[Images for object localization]
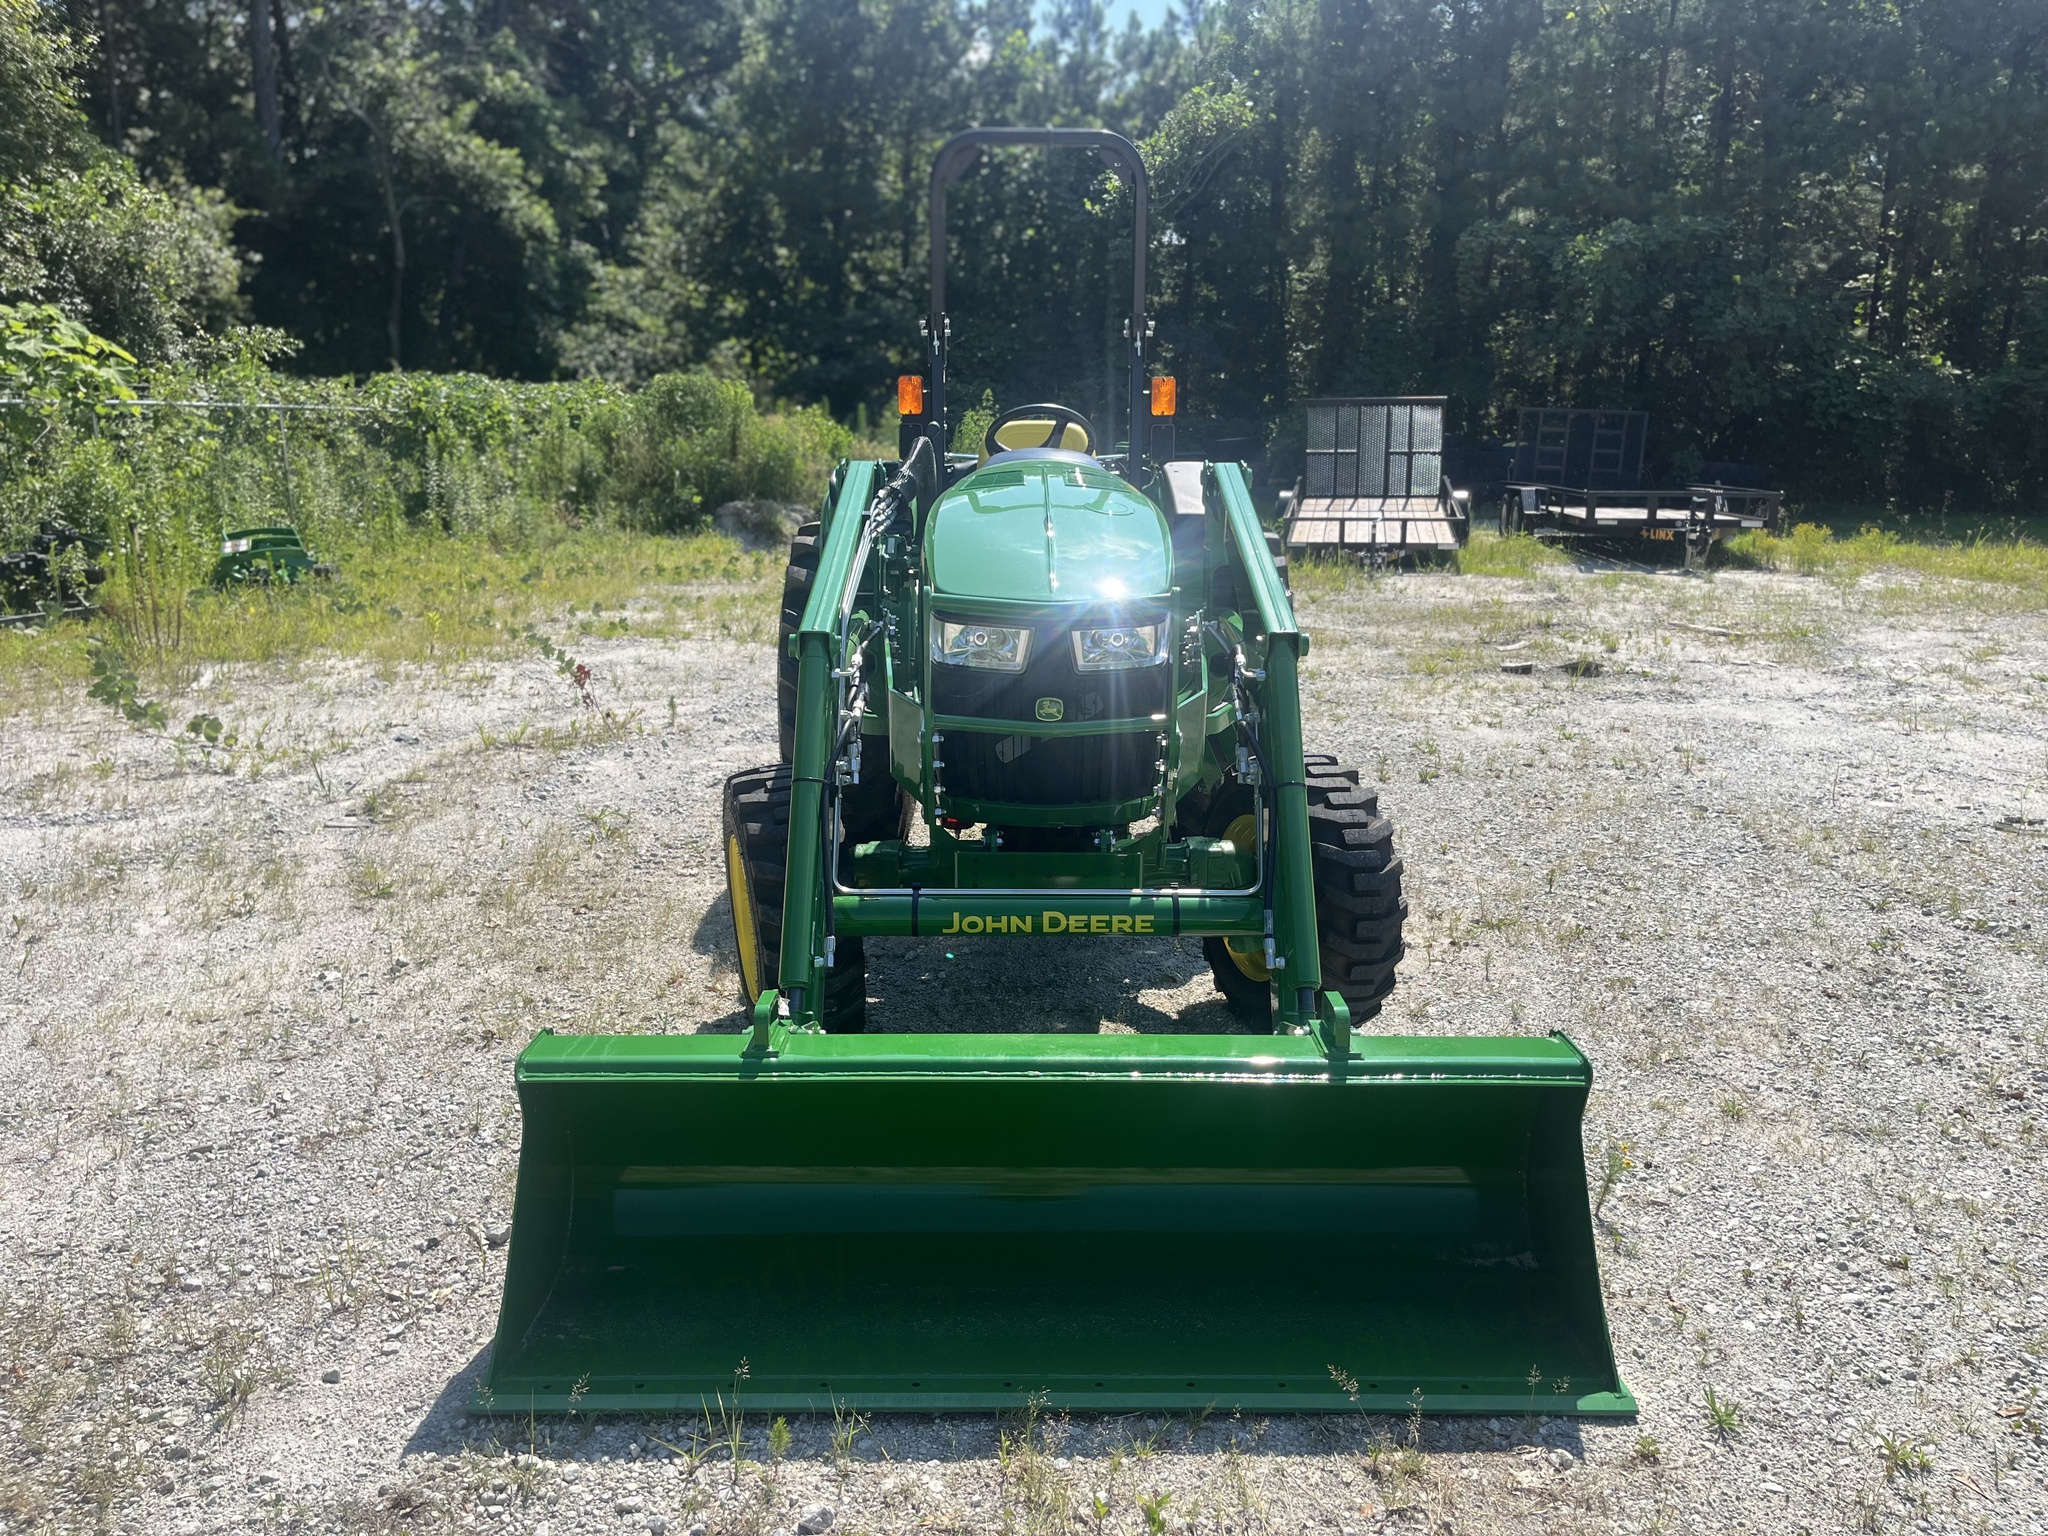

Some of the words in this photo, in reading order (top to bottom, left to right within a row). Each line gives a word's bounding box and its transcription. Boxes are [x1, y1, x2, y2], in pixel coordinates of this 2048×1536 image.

[1650, 528, 1675, 540] LINX
[942, 911, 1032, 933] JOHN
[1043, 911, 1155, 933] DEERE
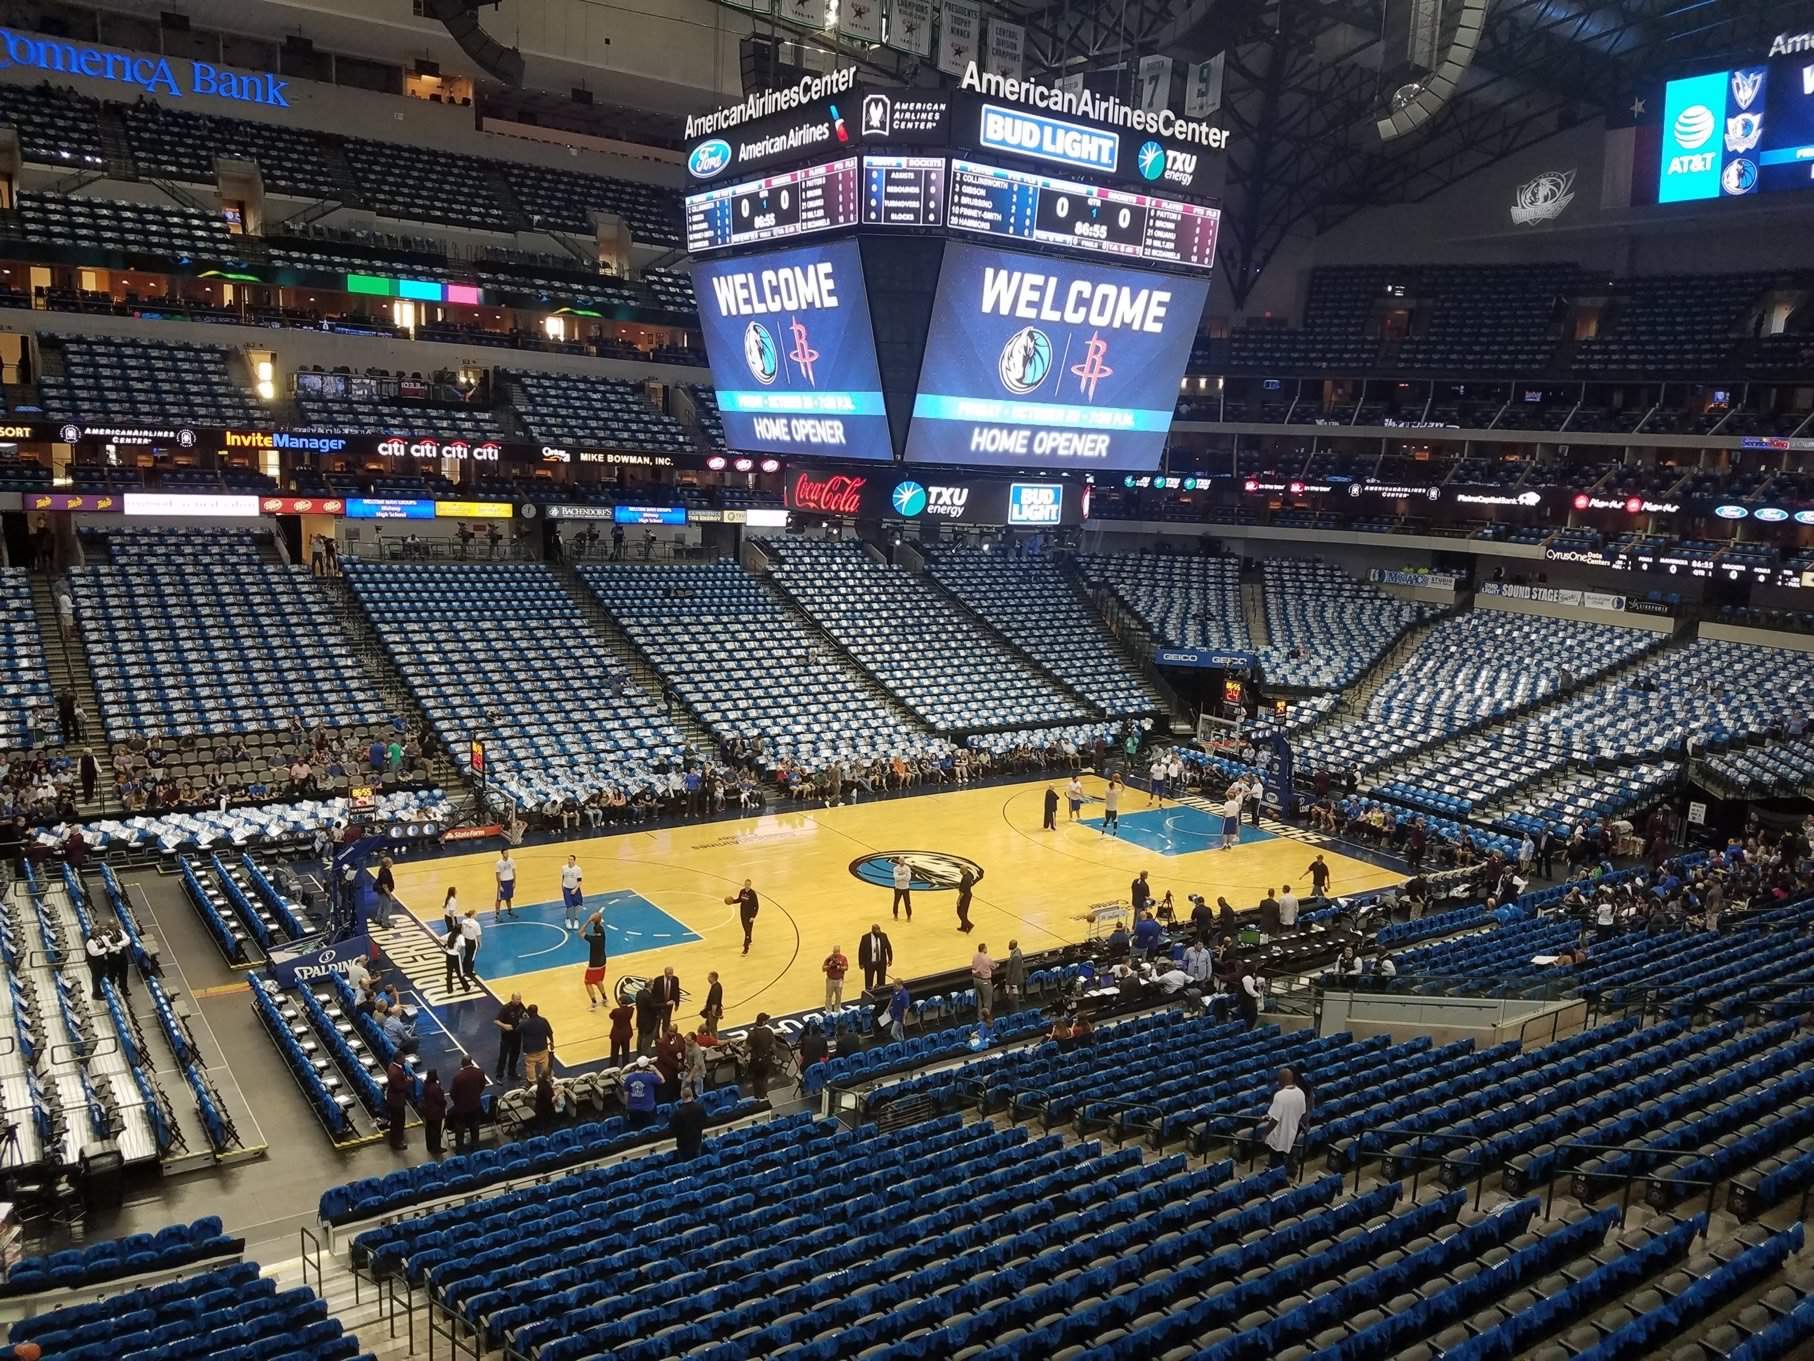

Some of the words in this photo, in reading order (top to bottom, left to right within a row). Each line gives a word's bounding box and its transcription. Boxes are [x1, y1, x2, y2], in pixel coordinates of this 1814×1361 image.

[191, 61, 290, 108] Bank
[1147, 74, 1160, 108] 7
[684, 65, 857, 140] AmericanAirlinesCenter
[893, 101, 947, 111] AMERICAN
[961, 61, 1230, 148] AmericanAirlinesCenter
[893, 111, 940, 121] AIRLINES
[738, 134, 787, 162] American
[787, 122, 830, 149] Airlines
[986, 113, 1041, 148] BUD
[1042, 125, 1115, 164] LIGHT
[695, 145, 723, 171] Ford
[1166, 149, 1198, 173] TXU
[1667, 152, 1716, 175] AT&T
[1165, 170, 1193, 186] energy
[741, 198, 750, 218] 0
[780, 189, 789, 210] 0
[762, 200, 767, 209] 1
[884, 200, 920, 208] TURNOVERS
[1056, 196, 1069, 218] 0
[1118, 208, 1131, 228] 0
[1091, 208, 1097, 218] 1
[712, 261, 839, 317] WELCOME
[980, 265, 1172, 334] WELCOME
[753, 416, 791, 441] HOME
[791, 418, 846, 445] OPENER
[226, 431, 347, 453] InviteManager
[378, 440, 405, 457] citi
[410, 441, 437, 459] citi
[442, 443, 468, 460] citi
[473, 445, 499, 461] citi
[970, 427, 1031, 454] HOME
[1033, 432, 1110, 458] OPENER
[580, 452, 605, 463] MIKE
[607, 454, 653, 466] BOWMAN,
[655, 456, 674, 467] INC.
[795, 472, 867, 513] Coca-Cola
[927, 486, 969, 506] TXU
[1020, 488, 1054, 505] BUD
[927, 504, 965, 518] energy
[1012, 503, 1060, 521] LIGHT
[1546, 549, 1588, 563] CyrusOne
[1587, 557, 1611, 566] Centers
[1588, 551, 1603, 559] Data
[1502, 583, 1531, 600] SOUND
[1531, 586, 1559, 603] STAGE
[1163, 653, 1198, 662] GEICO
[1226, 688, 1239, 701] 24
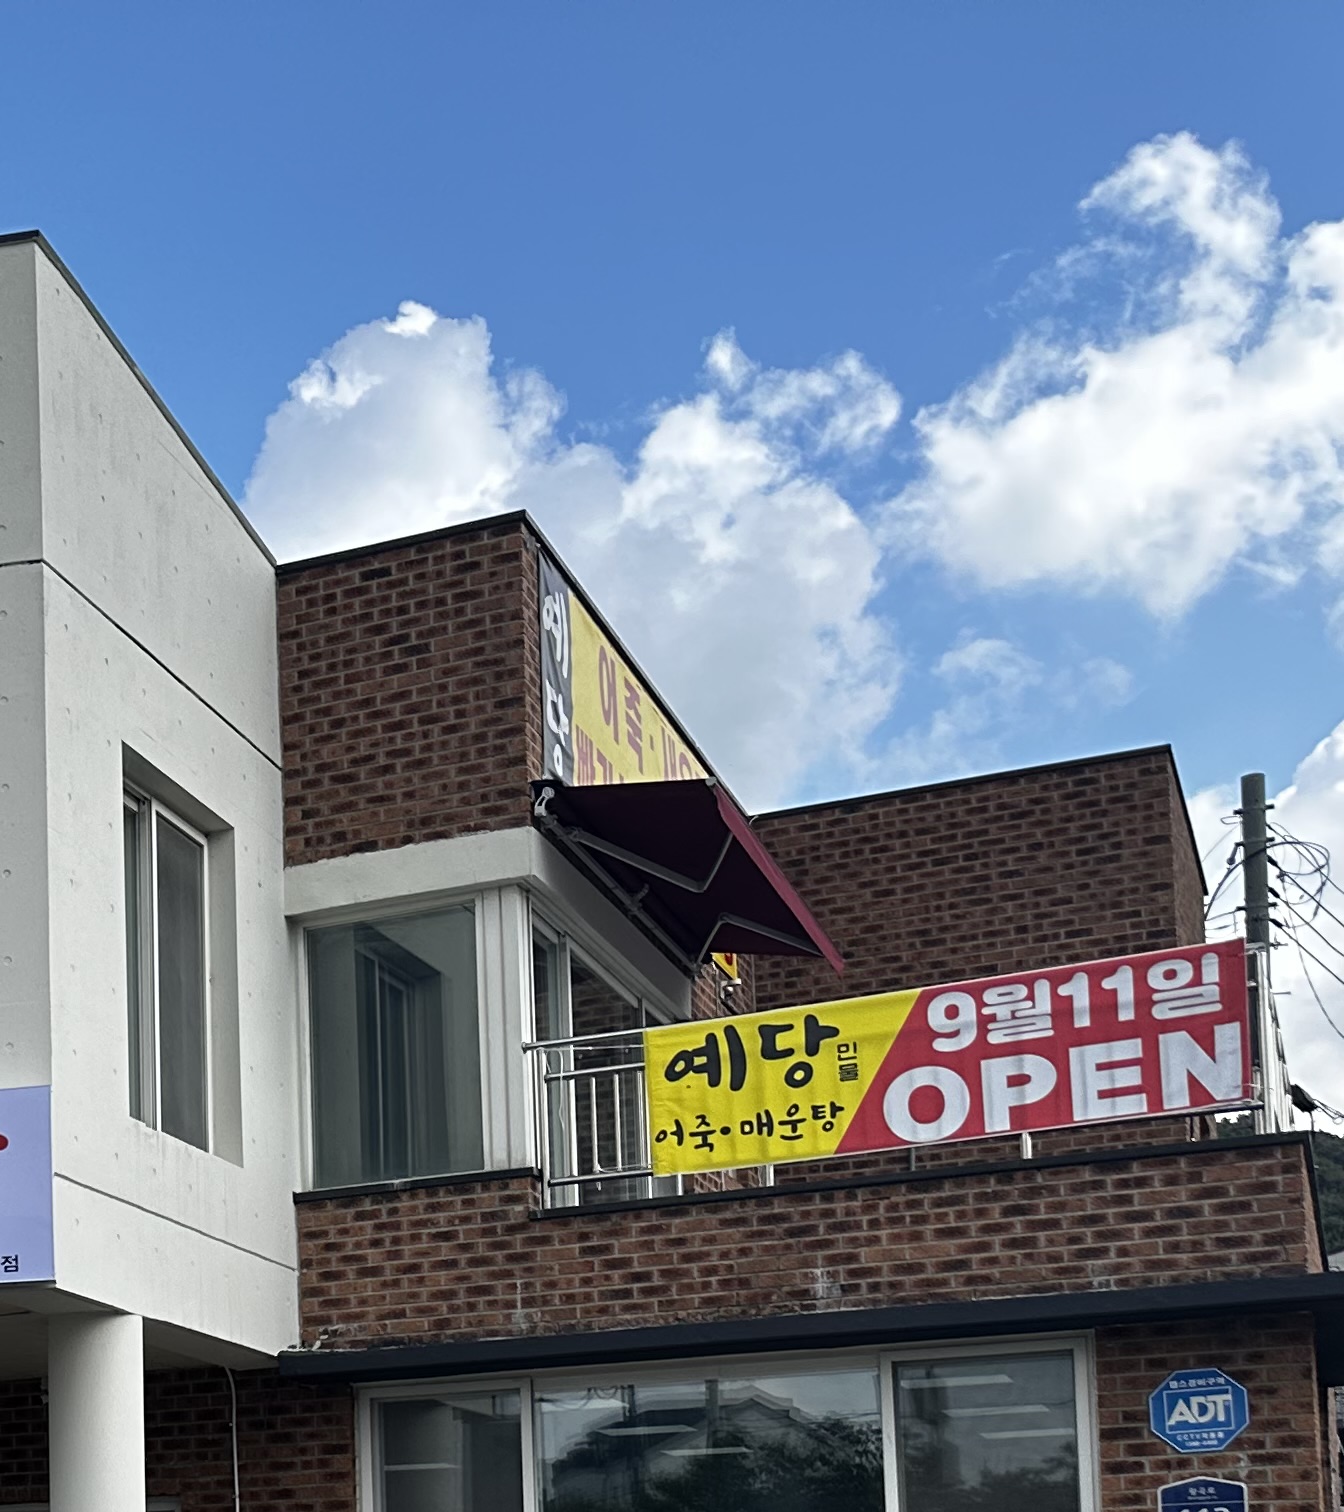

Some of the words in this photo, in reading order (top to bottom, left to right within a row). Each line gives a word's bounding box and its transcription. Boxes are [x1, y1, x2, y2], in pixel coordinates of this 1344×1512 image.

▶ _WHAT NEEDS TO BE DONE_
Write the data above out exactly. Leave out any pictures.

▶ _COMPLETED EXERCISE_
Some of the words in this photo, in reading order (top to bottom, left to right within a row). Each line gives a word's bounding box and its transcription. Boxes are [x1, y1, x2, y2], in pixel coordinates of this 2048×1536 image.

[1650, 528, 1675, 540] LINX
[942, 911, 1032, 933] JOHN
[1043, 911, 1155, 933] DEERE

Some of the words in this photo, in reading order (top to bottom, left to right within a row). Each line gives a word's bounding box and its transcription. Boxes are [x1, y1, x2, y2], in pixel coordinates of this 1814×1361 image.

[191, 61, 290, 108] Bank
[1147, 74, 1160, 108] 7
[684, 65, 857, 140] AmericanAirlinesCenter
[893, 101, 947, 111] AMERICAN
[961, 61, 1230, 148] AmericanAirlinesCenter
[893, 111, 940, 121] AIRLINES
[738, 134, 787, 162] American
[787, 122, 830, 149] Airlines
[986, 113, 1041, 148] BUD
[1042, 125, 1115, 164] LIGHT
[695, 145, 723, 171] Ford
[1166, 149, 1198, 173] TXU
[1667, 152, 1716, 175] AT&T
[1165, 170, 1193, 186] energy
[741, 198, 750, 218] 0
[780, 189, 789, 210] 0
[762, 200, 767, 209] 1
[884, 200, 920, 208] TURNOVERS
[1056, 196, 1069, 218] 0
[1118, 208, 1131, 228] 0
[1091, 208, 1097, 218] 1
[712, 261, 839, 317] WELCOME
[980, 265, 1172, 334] WELCOME
[753, 416, 791, 441] HOME
[791, 418, 846, 445] OPENER
[226, 431, 347, 453] InviteManager
[378, 440, 405, 457] citi
[410, 441, 437, 459] citi
[442, 443, 468, 460] citi
[473, 445, 499, 461] citi
[970, 427, 1031, 454] HOME
[1033, 432, 1110, 458] OPENER
[580, 452, 605, 463] MIKE
[607, 454, 653, 466] BOWMAN,
[655, 456, 674, 467] INC.
[795, 472, 867, 513] Coca-Cola
[927, 486, 969, 506] TXU
[1020, 488, 1054, 505] BUD
[927, 504, 965, 518] energy
[1012, 503, 1060, 521] LIGHT
[1546, 549, 1588, 563] CyrusOne
[1587, 557, 1611, 566] Centers
[1588, 551, 1603, 559] Data
[1502, 583, 1531, 600] SOUND
[1531, 586, 1559, 603] STAGE
[1163, 653, 1198, 662] GEICO
[1226, 688, 1239, 701] 24

Some of the words in this photo, in reading order (top to bottom, left to right within a row). Each line gives a word's bounding box and its transcription. Boxes are [x1, y1, x2, y2], in pixel coordinates of this 1344×1512 image.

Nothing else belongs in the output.